Since I became a parent, I have heard a truism that has bothered me a lot. When people discuss the difference between raising boys and raising girls, they often say, “Oh, boys are easy. Girls are the ones with all the drama.”
This statement bothers me for a couple of reasons. The first is that it flies in the face of my own experience and that of many of my friends.
When they were little, my boys’ constant level of energy often left me exhausted. While my daughter could sit through high tea with barely a peep, my sons made a trip to the mall or the grocery store seem a Herculean feat. As they grew up, my boys gave me many more sleepless nights than did my girls.

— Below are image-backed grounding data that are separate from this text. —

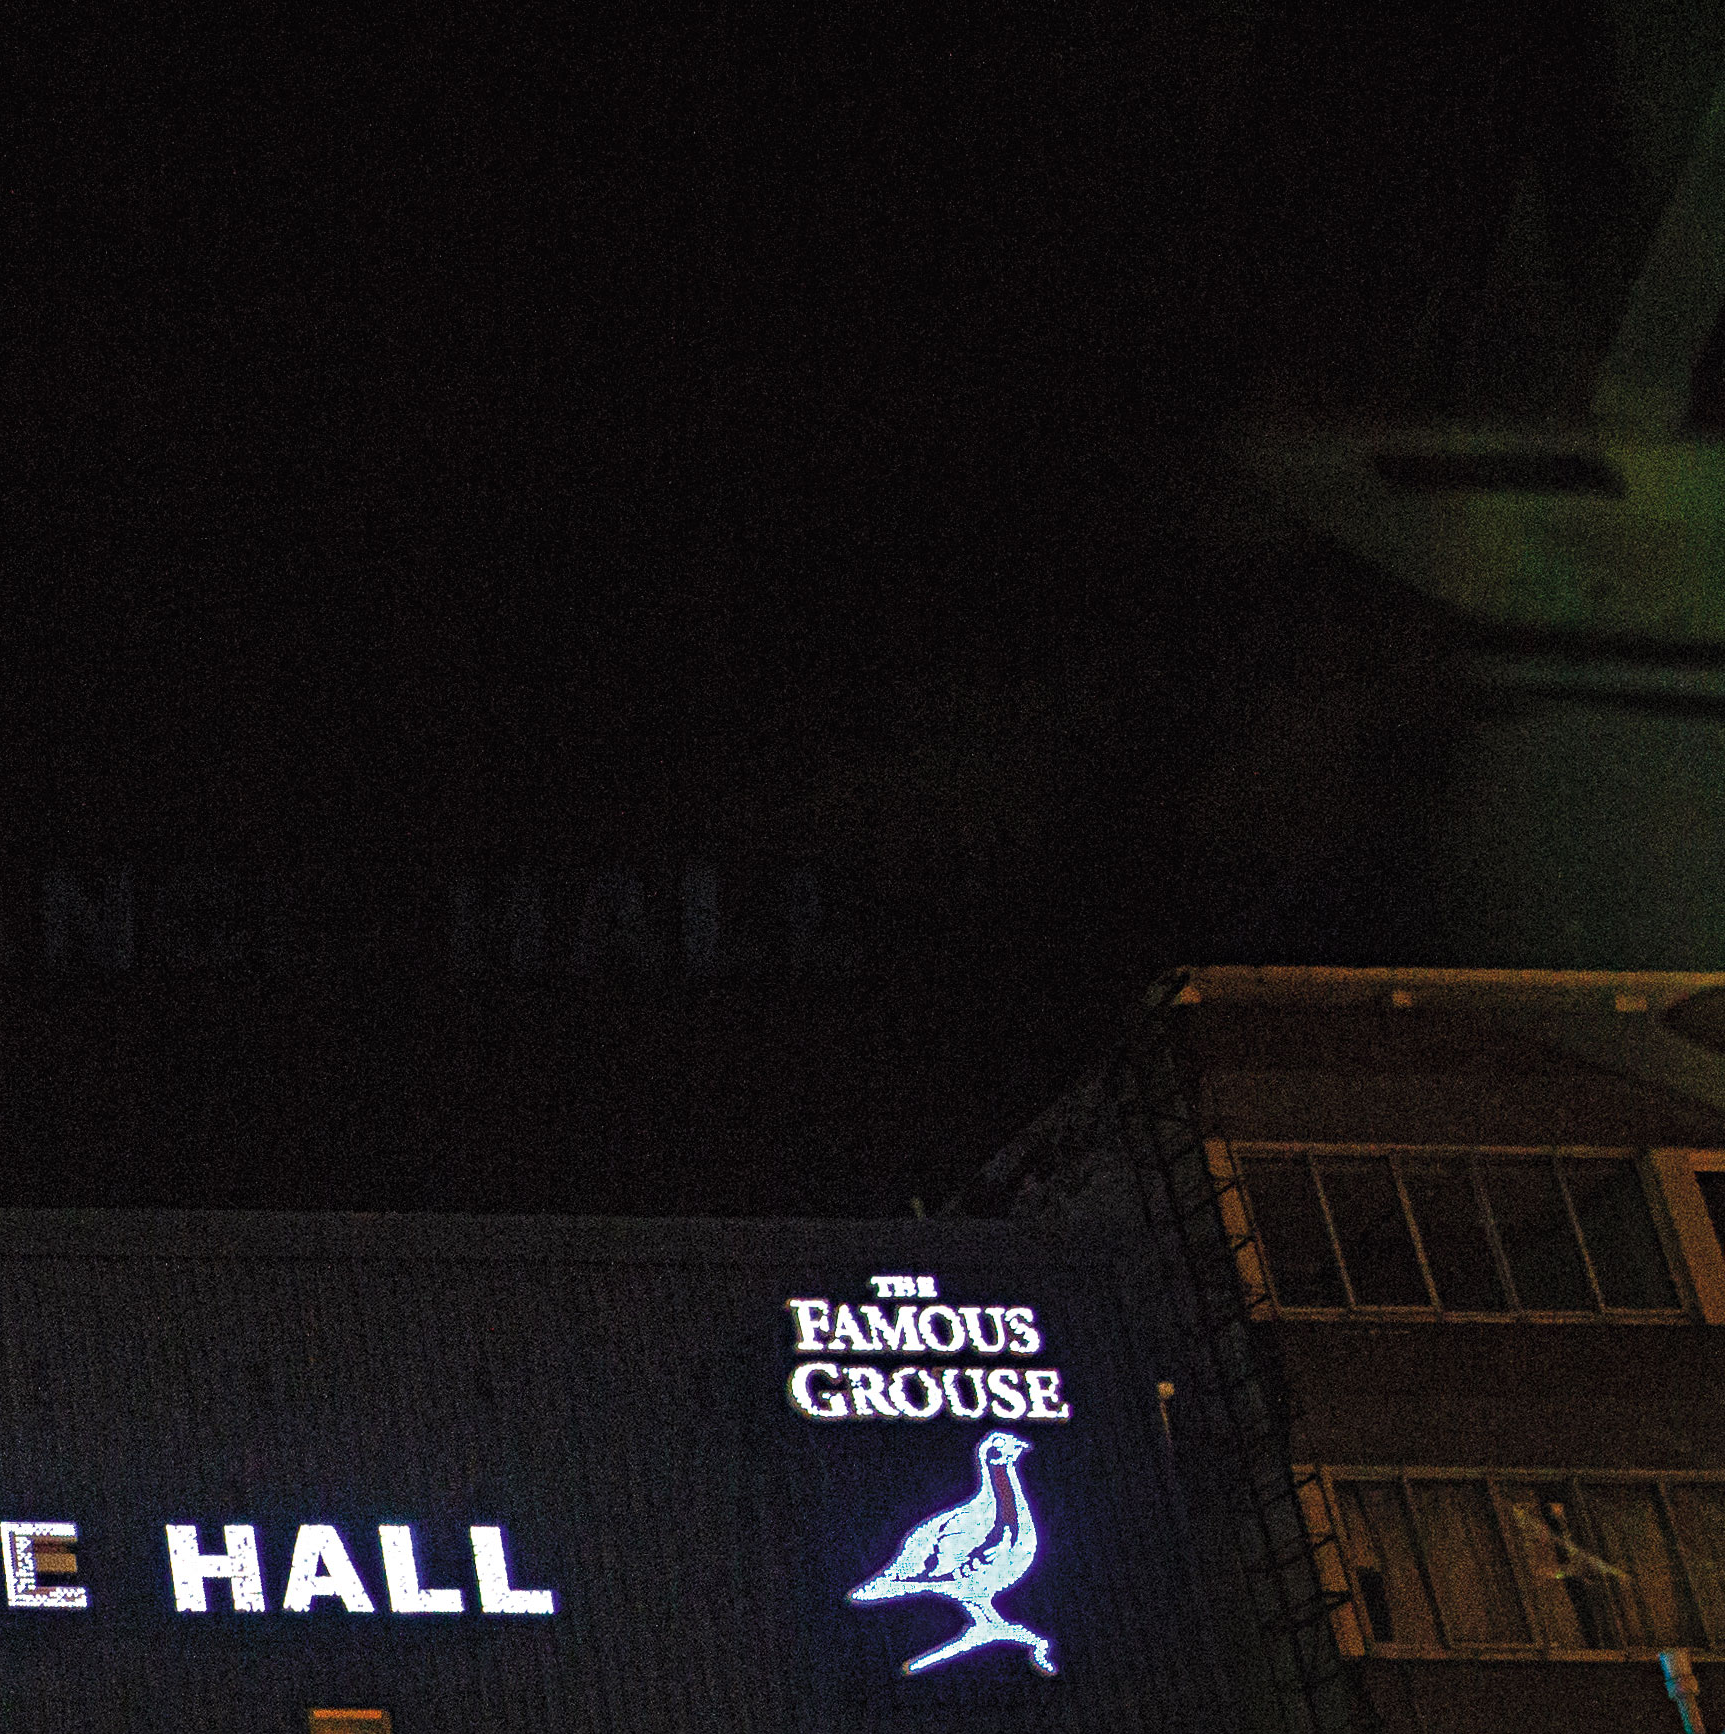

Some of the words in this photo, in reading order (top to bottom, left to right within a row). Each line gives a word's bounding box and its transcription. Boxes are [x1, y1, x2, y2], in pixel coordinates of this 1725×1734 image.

[869, 1275, 939, 1298] THE
[789, 1299, 1041, 1354] FAMOUS
[790, 1361, 1070, 1420] GROUSE
[164, 1522, 556, 1616] HALL
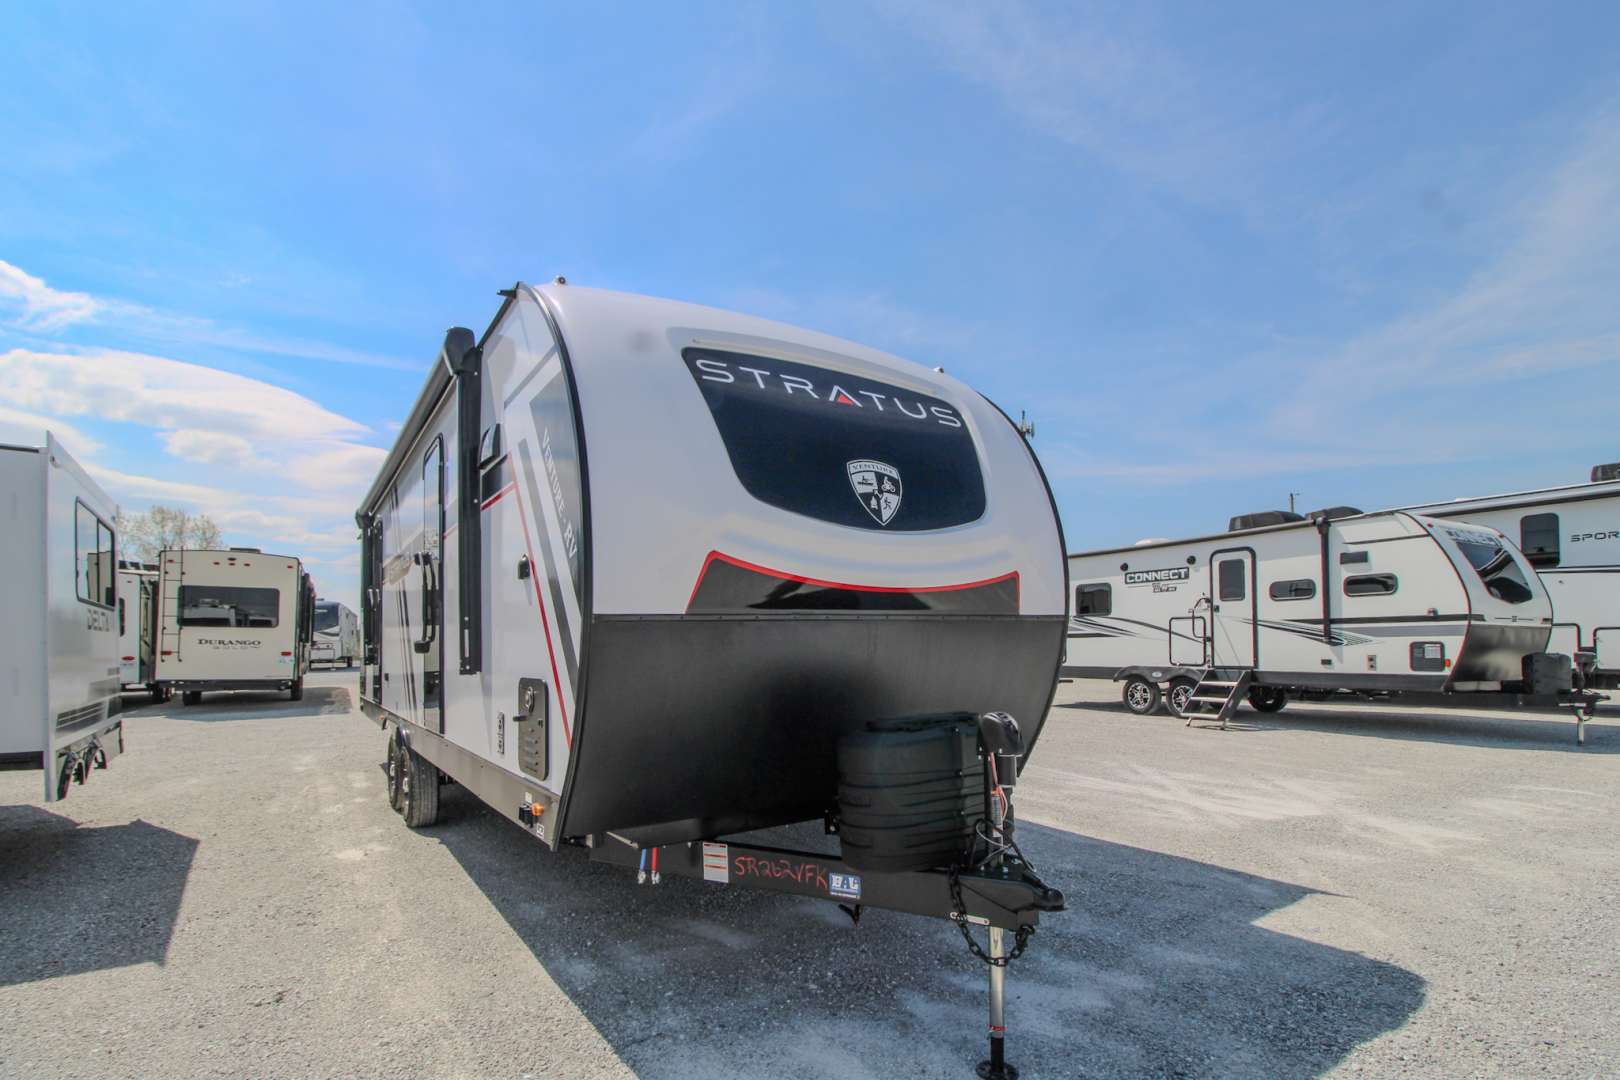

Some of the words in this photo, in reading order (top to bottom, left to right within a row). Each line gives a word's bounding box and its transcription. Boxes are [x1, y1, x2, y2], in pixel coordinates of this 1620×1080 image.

Adolescent boys’ tendency to take risks often puts them in harm’s way – or on the wrong side of the law. I have spent too much time in emergency rooms due to this tendency with my own boys. This questionable judgment, accompanied by a social milieu that rewards boys for being tough and even defiant, makes raising boys stressful.
The second reason I resent the adage that boys are easy is that it reinforces stereotypes of both sexes. Implying that girls are full of “drama” minimizes the very real emotional turmoil of growing up. It suggests that female relationships are all fraught with back-stabbing, gossip, and excessive emotion. At the same time, it implies that boys have no rich emotional life. They are just easy-going, “whatever” types of guys, and nothing really bothers them.
Such stereotypes do a disservice to the emotional lives of both boys and girls. My sons and my daughters all care deeply about their personal relationships. They strive to be there for their friends and family members. And at the same time, they can be hurt by exclusion or unreciprocated love.
Let’s stop assuming that boys are “easy” and girls “hard” to parent. Instead, let’s give all our children the emotional support that will allow them to be themselves and grow up to be happy, healthy adults.